Lo cierto es que por entonces Eliot pudo abandonar finalmente su trabajo bancario al convertirse en editor de New Criterion y, a partir de noviembre de 1925, de la editorial Faber & Gwyer, donde decidió reimprimir su poema. De todas maneras, era evidente que no deseaba quebrar el vínculo con los Woolf, e incluso le escribió a Leonard solicitando consejos ante el cuadro de desequilibrio nervioso que presentaba Vivienne, su esposa. También le pidió a Virginia un artículo para el New Criterion. En noviembre, ella le envió “On being ill” (Estar enfermo), un ensayo sobre la enfermedad donde señala que a pesar de que se trata de una experiencia humana común e ineludible, no toma, a diferencia del amor, las batallas o los celos, un lugar protagónico entre los temas primordiales de la literatura. La enfermedad, lo mismo que el amor, señala Virginia, altera la conciencia, pero la lengua inglesa carece de la capacidad de expresar esa experiencia.

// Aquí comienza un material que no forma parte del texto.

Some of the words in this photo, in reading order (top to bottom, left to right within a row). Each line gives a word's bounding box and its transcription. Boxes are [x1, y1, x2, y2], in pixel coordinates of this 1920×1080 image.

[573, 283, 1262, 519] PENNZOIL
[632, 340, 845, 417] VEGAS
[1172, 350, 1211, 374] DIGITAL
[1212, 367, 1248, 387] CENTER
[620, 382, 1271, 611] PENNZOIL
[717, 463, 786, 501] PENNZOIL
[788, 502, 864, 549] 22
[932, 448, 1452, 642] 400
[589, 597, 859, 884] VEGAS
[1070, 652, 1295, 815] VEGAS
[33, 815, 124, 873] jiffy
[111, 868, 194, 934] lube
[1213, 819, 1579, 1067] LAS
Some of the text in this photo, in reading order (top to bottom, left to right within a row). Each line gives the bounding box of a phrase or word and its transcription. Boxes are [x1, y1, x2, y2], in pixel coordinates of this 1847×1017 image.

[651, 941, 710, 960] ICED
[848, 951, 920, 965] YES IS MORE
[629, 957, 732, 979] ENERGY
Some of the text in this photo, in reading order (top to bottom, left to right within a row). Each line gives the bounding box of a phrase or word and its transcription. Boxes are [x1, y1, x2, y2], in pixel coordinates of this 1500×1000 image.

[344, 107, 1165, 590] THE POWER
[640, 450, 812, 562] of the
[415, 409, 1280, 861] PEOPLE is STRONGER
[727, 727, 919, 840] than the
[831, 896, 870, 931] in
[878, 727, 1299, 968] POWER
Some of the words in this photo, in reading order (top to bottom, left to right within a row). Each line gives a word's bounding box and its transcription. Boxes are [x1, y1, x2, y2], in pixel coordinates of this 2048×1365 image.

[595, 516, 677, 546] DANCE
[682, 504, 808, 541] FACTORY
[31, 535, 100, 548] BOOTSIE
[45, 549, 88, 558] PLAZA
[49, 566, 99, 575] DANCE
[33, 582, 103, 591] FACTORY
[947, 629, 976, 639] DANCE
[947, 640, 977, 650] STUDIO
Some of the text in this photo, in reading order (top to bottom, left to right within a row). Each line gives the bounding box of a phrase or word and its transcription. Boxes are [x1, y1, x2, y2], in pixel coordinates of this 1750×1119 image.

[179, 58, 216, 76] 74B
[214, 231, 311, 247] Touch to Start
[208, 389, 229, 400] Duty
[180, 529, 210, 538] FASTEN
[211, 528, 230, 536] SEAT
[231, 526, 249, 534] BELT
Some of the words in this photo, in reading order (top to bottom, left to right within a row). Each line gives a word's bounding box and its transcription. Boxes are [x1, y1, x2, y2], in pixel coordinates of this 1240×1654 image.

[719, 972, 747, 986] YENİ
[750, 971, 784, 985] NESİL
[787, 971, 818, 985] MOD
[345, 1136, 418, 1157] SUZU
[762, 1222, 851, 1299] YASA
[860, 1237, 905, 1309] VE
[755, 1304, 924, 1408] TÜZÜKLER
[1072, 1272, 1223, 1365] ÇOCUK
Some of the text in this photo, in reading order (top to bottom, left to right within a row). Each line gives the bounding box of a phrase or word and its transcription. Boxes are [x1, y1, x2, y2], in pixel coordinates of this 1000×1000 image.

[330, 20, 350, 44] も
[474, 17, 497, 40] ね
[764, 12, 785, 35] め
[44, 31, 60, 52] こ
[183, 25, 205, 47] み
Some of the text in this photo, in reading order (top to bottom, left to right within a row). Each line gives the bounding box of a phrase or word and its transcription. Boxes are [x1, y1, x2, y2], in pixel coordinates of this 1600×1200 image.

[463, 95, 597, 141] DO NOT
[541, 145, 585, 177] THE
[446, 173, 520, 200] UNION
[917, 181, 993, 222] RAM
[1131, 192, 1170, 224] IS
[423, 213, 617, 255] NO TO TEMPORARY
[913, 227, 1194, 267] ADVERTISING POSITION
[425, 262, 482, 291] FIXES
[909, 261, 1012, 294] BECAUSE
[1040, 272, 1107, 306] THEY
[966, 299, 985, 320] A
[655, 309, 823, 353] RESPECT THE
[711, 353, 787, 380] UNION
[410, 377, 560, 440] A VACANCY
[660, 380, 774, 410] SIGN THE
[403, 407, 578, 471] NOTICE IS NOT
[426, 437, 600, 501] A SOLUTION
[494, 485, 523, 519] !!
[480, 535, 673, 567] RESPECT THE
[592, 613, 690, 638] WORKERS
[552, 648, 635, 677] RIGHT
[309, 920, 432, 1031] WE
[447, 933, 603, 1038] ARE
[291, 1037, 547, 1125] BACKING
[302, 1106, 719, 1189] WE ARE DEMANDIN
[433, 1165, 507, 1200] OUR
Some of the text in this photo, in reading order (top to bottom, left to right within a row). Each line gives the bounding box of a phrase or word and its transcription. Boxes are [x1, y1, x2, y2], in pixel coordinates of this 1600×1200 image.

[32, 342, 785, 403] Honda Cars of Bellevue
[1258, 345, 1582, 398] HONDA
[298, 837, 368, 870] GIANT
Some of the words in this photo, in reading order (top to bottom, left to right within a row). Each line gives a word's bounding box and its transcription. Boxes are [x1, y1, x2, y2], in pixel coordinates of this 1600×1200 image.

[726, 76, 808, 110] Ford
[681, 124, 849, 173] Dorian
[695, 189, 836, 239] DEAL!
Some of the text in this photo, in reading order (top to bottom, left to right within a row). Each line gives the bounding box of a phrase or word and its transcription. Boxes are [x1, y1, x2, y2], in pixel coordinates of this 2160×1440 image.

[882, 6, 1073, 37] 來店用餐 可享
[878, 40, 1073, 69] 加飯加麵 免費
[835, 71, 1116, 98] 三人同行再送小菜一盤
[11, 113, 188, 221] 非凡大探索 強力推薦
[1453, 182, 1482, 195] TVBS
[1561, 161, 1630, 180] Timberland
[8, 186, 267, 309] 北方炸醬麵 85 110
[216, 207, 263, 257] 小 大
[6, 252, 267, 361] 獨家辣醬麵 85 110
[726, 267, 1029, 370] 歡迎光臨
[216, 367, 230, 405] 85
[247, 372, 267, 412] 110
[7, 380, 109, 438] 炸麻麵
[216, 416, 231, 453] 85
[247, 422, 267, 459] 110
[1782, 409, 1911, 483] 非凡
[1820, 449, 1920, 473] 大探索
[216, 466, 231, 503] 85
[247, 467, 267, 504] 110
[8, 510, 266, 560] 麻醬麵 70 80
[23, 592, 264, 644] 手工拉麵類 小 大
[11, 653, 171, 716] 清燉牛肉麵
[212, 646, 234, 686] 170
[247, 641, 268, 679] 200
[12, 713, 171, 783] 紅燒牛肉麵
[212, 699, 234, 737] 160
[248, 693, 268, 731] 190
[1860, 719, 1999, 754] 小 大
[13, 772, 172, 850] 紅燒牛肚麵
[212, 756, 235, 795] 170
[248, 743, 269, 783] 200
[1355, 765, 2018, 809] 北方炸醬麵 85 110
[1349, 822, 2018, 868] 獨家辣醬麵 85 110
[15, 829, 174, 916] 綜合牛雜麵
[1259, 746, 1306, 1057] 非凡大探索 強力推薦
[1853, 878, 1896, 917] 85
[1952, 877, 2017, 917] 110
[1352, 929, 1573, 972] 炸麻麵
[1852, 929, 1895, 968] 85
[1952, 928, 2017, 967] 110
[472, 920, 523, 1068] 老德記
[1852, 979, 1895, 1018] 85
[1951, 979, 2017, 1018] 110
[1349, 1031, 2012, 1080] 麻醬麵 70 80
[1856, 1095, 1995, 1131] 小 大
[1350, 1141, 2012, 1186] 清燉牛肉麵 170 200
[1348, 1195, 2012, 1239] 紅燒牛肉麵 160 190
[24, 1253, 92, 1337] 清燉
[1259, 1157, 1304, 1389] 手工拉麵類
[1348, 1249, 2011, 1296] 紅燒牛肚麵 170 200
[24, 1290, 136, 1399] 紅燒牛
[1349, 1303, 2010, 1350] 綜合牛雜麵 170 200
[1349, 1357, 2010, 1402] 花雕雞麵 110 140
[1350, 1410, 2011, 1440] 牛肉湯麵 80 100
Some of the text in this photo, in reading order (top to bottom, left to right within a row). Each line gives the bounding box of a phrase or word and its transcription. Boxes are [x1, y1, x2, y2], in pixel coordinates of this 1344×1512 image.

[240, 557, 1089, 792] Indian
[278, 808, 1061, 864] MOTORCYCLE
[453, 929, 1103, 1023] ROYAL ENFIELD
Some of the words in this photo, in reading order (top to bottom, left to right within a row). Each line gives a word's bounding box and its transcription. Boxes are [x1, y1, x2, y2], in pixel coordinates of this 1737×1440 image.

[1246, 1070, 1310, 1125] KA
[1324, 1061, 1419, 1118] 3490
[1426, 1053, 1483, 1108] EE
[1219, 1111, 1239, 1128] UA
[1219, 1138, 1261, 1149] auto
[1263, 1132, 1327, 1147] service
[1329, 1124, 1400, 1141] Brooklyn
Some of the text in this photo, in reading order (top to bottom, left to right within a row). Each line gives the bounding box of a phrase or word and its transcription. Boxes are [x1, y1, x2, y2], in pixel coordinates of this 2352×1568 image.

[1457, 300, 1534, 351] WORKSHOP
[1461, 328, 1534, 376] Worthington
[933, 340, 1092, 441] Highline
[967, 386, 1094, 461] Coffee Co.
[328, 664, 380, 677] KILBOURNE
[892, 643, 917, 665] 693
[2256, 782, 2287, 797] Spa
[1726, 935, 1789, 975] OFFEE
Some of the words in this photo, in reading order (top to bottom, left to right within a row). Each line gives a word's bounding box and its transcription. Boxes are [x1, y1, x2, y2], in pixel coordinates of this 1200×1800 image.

Este extraordinario ensayo refleja elementos autobiográficos que tal vez perturbaron al distante y analítico Eliot, quien recién lo publicó en su revista al año siguiente.[286]
Por entonces, asediada por amigos y críticas, Virginia reconocía su predisposición natural a que le gustara “todo el mundo y que todo el mundo [le pareciera] enteramente nuevo cada vez”, cuestión que incidía en su resolución de no renunciar a la vida social. Pero también descubría, una vez más, que para disminuir sus estados de ansiedad debía reducir sus actividades sociales y, mientras se confesaba a sí misma “soy sociable por naturaleza; no se puede negar”, trataba de alcanzar un equilibrio planeando reuniones íntimas y visitas de “gente de nuestro estilo, que se deje caer por aquí; con tranquilidad, zapatillas, cigarrillos, bollos, bombones”. De lo que se trataba era de organizar la vida de tal manera que resultara lo menos agresiva para su constitución. Al fundar la Hogarth Press, los Lobos lograron el objetivo de publicar lo que quisieran sin la interferencia de los editores; y si bien es cierto que eso implicaba más trabajo y responsabilidades, tenía una contrapartida que valía la pena: les daba la libertad de escribir y publicar sin depender de terceros. Así pues, Virginia podía rechazar el pedido de su primo
Herbert Fisher —por entonces con un escaño en Oxford—, que le solicitaba que escribiera un libro sobre la época posvictoriana. Habiendo ganado una libertad indispensable, ella se congratulaba en su diario: “Sé que puedo escribir un libro mejor, sin ayuda de nadie, para la Hogarth si lo deseo. Pensar en estar atrapada en las garras de esos catedráticos universitarios me hiela la sangre. Pero soy la única mujer en Inglaterra que es libre de escribir lo que quiera. Las otras tienen que pensar en colecciones y editores”.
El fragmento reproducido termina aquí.